November is National Adoption month, for those that don't know. Now, I'm unaware if they still do this in North Carolina or in other states at all, but what follows is how I met my parents. I got up much like I had past mornings, another day in hell was what I felt. Rockingham was where I was living at the time, ironically one street over from where my biological mother and stepfather lived. Enduring my own personal living, waking, and sometimes sleeping, hell. I desperately needed someone to rescue me. I needed, pun intended, a savior. Things were to the point that I had devised the plan that if I wasn't adopted before aging out of the system, I was going to end it. They were going to find me in a ditch somewhere. I had attempted once, I knew I could do it. I just couldn't screw it up like I had before. But, that is a story for another time.
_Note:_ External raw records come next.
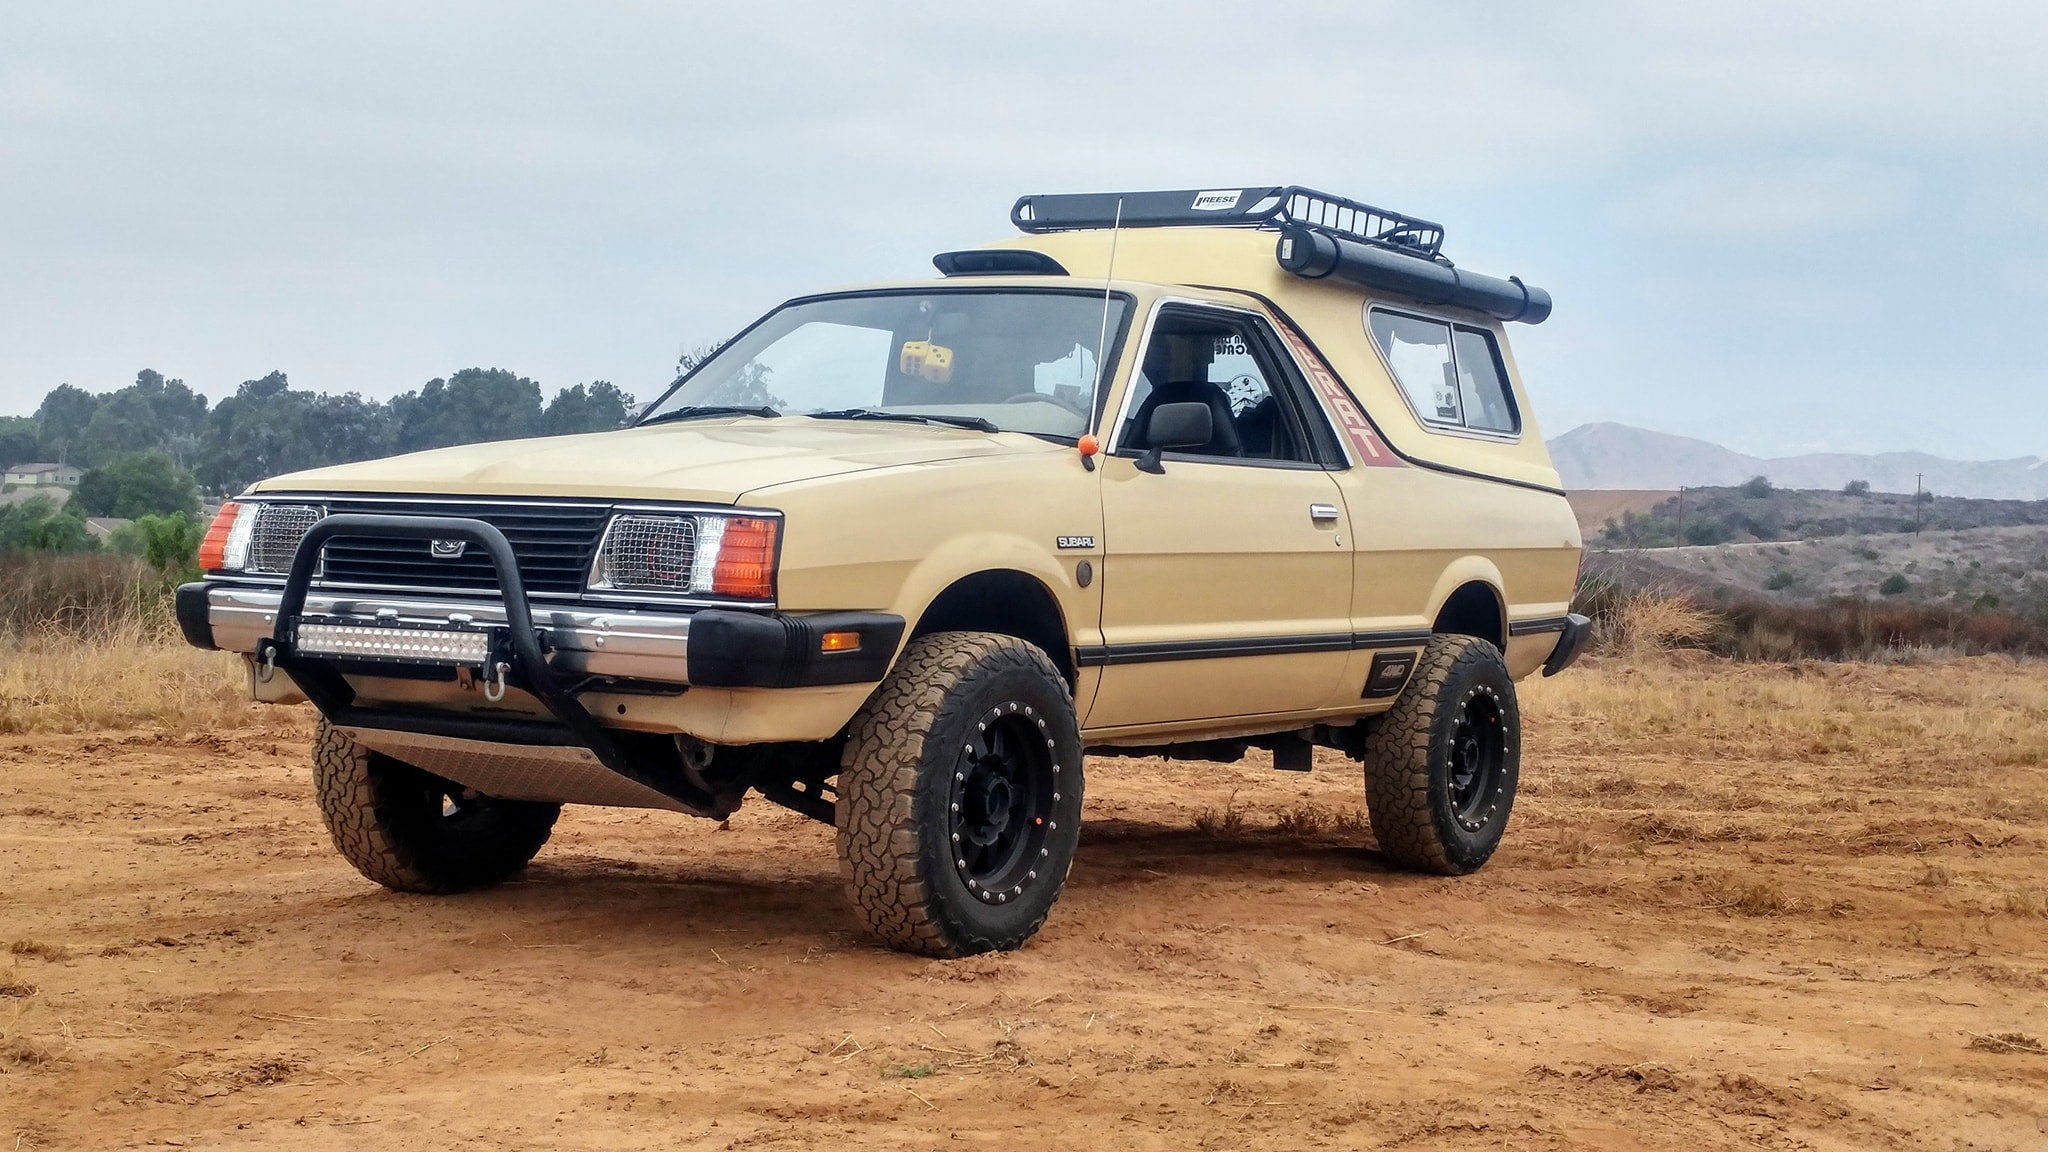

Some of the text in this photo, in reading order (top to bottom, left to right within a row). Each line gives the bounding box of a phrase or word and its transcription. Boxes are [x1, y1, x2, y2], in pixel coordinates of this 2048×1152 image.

[1202, 196, 1236, 204] REESE
[1296, 346, 1380, 458] BRAT
[1058, 537, 1095, 547] SUBARU
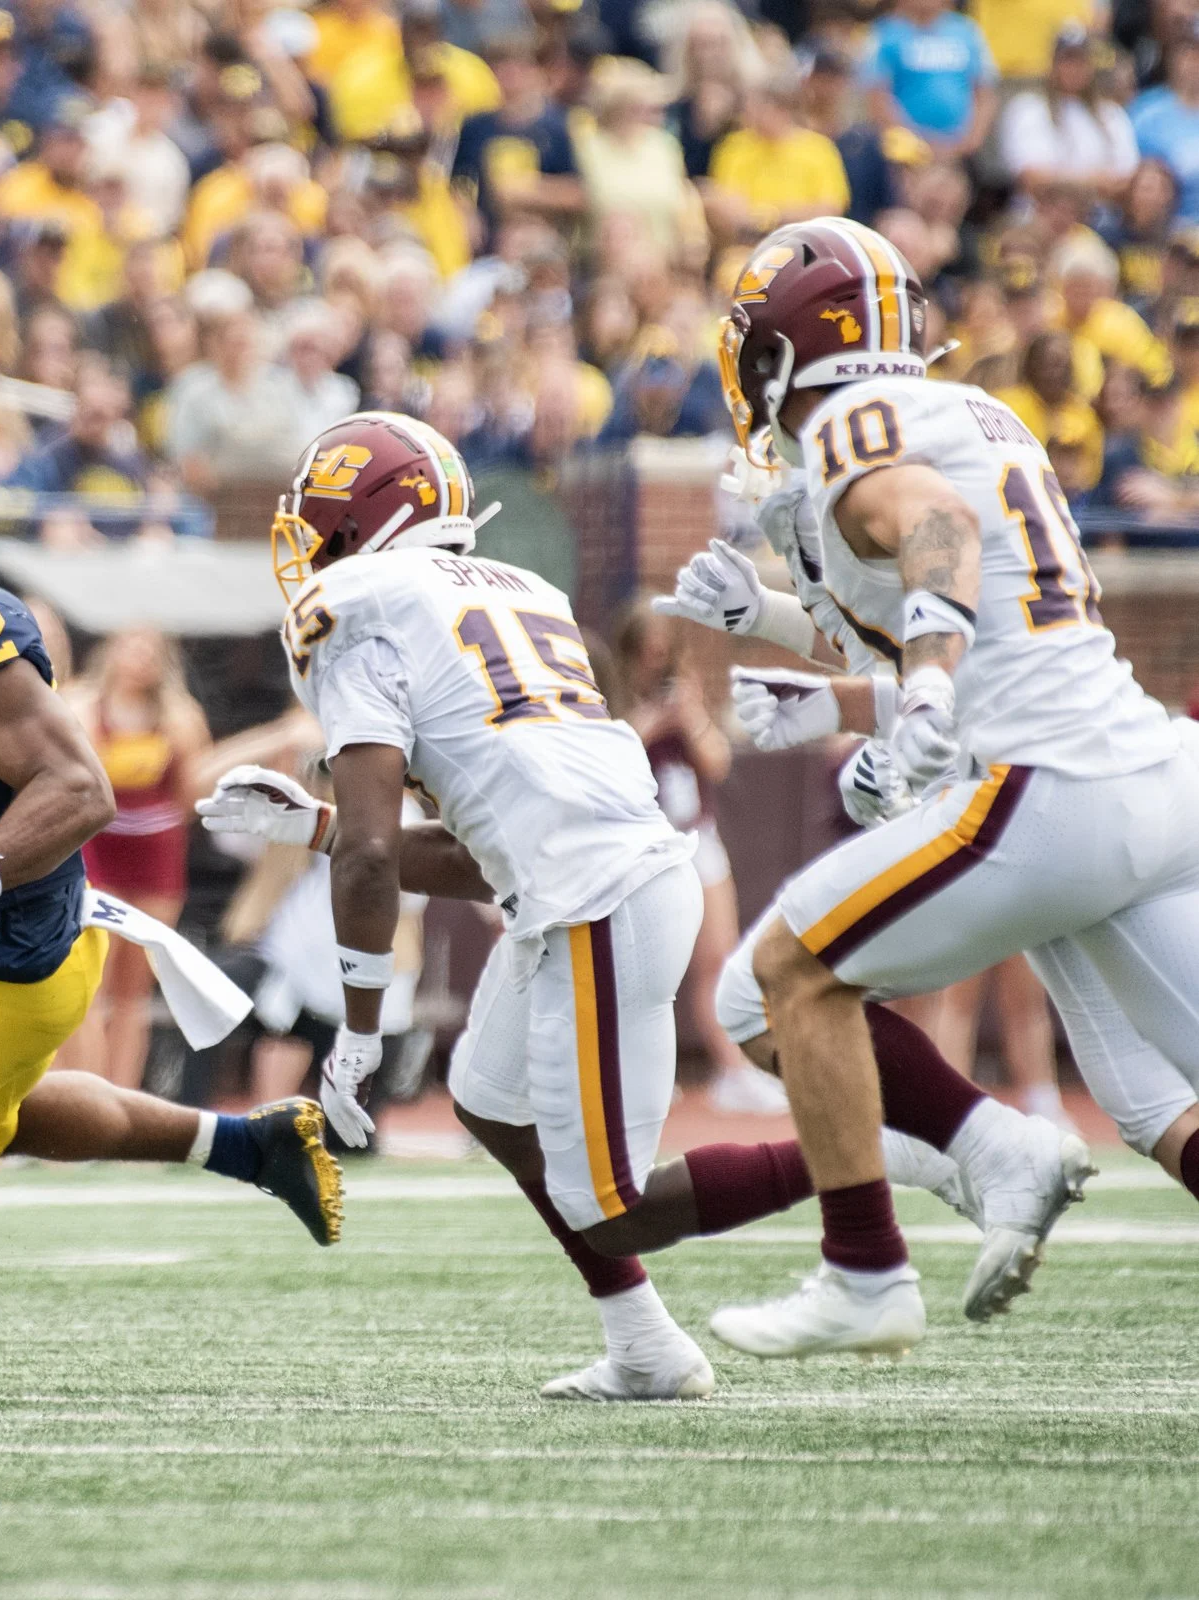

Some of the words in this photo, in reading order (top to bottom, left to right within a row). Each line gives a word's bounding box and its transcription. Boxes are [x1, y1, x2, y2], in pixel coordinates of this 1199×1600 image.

[814, 397, 904, 488] 10
[431, 559, 535, 594] SPANN
[452, 605, 613, 731] 15
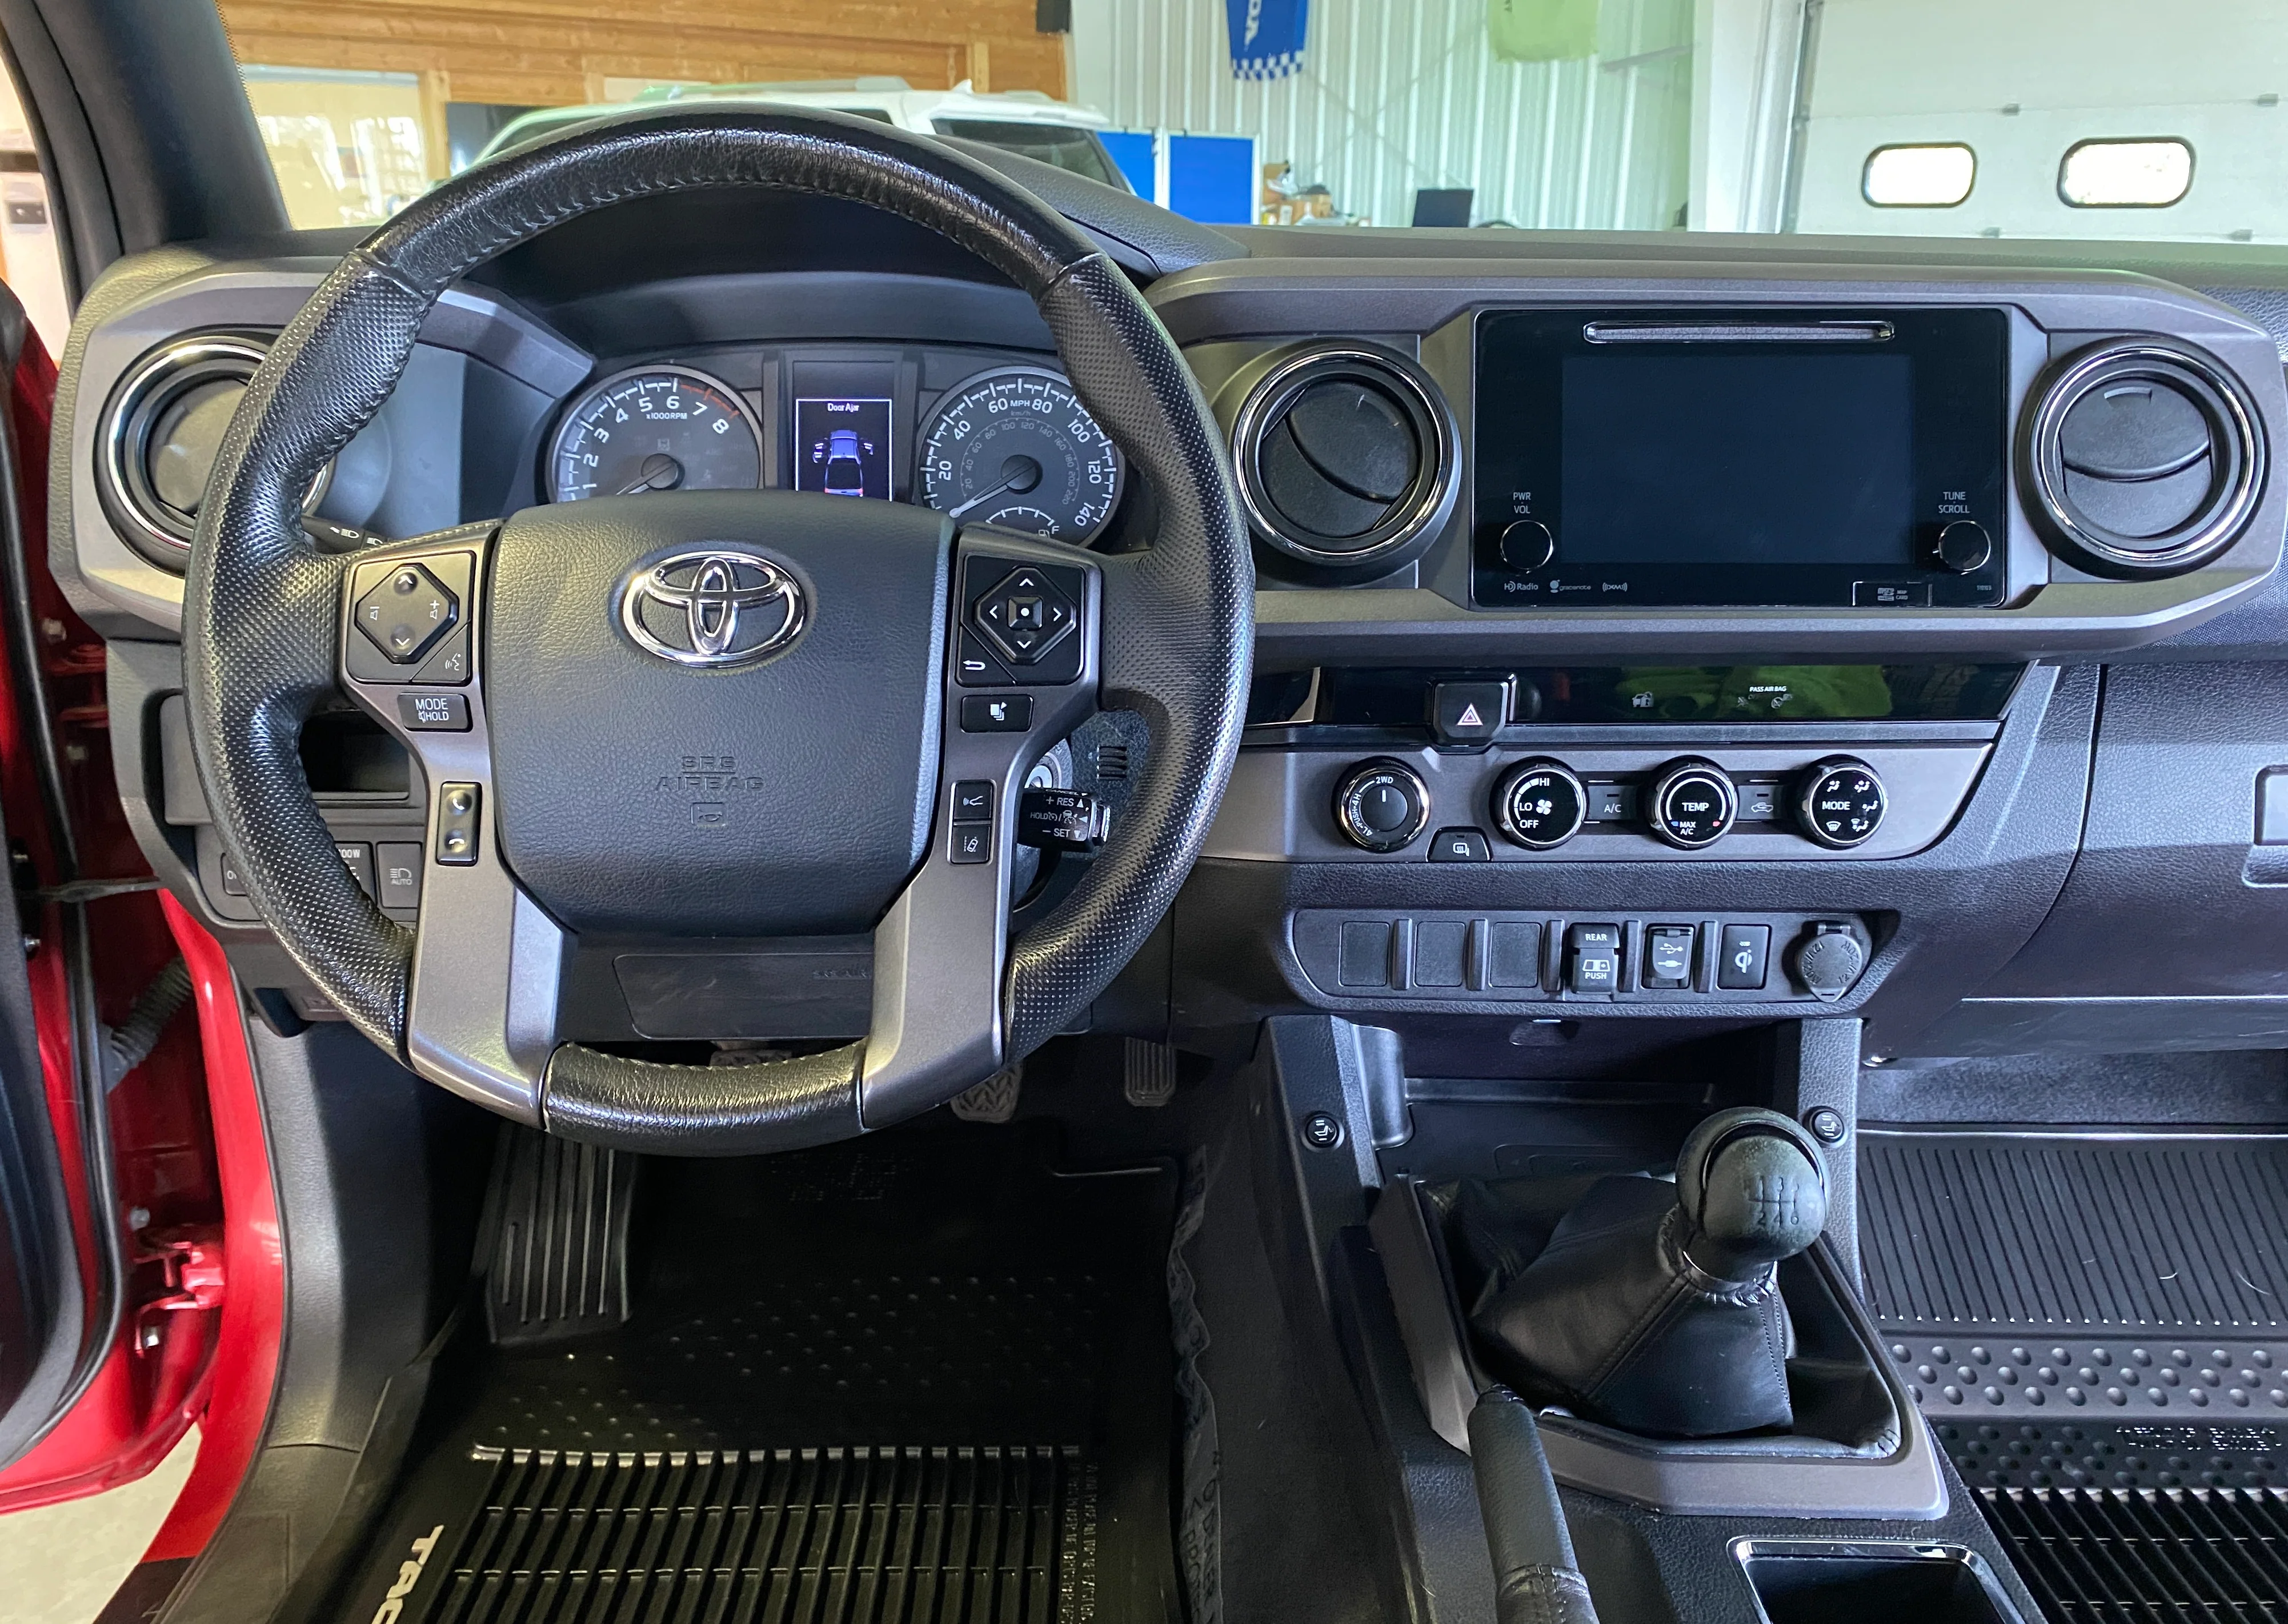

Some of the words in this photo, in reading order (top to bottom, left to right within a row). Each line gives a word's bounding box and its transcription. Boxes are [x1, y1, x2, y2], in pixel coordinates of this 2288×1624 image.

I had been told that there was going to be this adoption fair going on at a coliseum in Winston-Salem, 2 hours away from where we were. Road trip yay. Now, I'm going to push pause on this story for a moment and describe this for you. Especially for those of you who have never been to one of these things before. To any of the poor 'animals' that had to go through one of these, you know exactly what I'm about to describe. Everyone else, you'll catch on in a sec. When we got there, we went in with EVERY child that was up for adoption in the state. At the time, I was one of the few, and I mean very few older kids up for adoption at seventeen. But, once we were all 'herded' together, the perspective families came into the coliseum and came up to each of us and talked to us to see which one of us they wanted. Now, if you've ever adopted or known someone who has, you know that you do have to pay some money when it comes to adoption. So, yeah, you are kinda buying a kid. So, if you ever hear me say 'Go buy a kid' I'm not really being mean. But, I'm getting off topic here.
I'll admit I really didn't dress to impress that day. I knew the stats. When you reach the age that I had, you know your odds. No one wants you. You're going to age out, get a check and get wished the best of luck. Now, I don't know what they do nowadays, this was nineteen years ago. I believe I had on a white t-shirt and red sweatpants. Not the outfit to meet your parents in. Most of the people there gravitated towards the little kids, lucky jerks, the ones that did come talk to me, I think did out of pitty. Let's go give the old one a pitty hello. I met two couples that stuck out to me that day. One said no, thank God. No offense, they seemed like a nice couple. They were Duke fans though. I'm a Carolina fan. It never would've worked. (I have to add some humor in here somewhere) And of course, the couple of the hour, the people that would put up with me. Dear ole mom and dad.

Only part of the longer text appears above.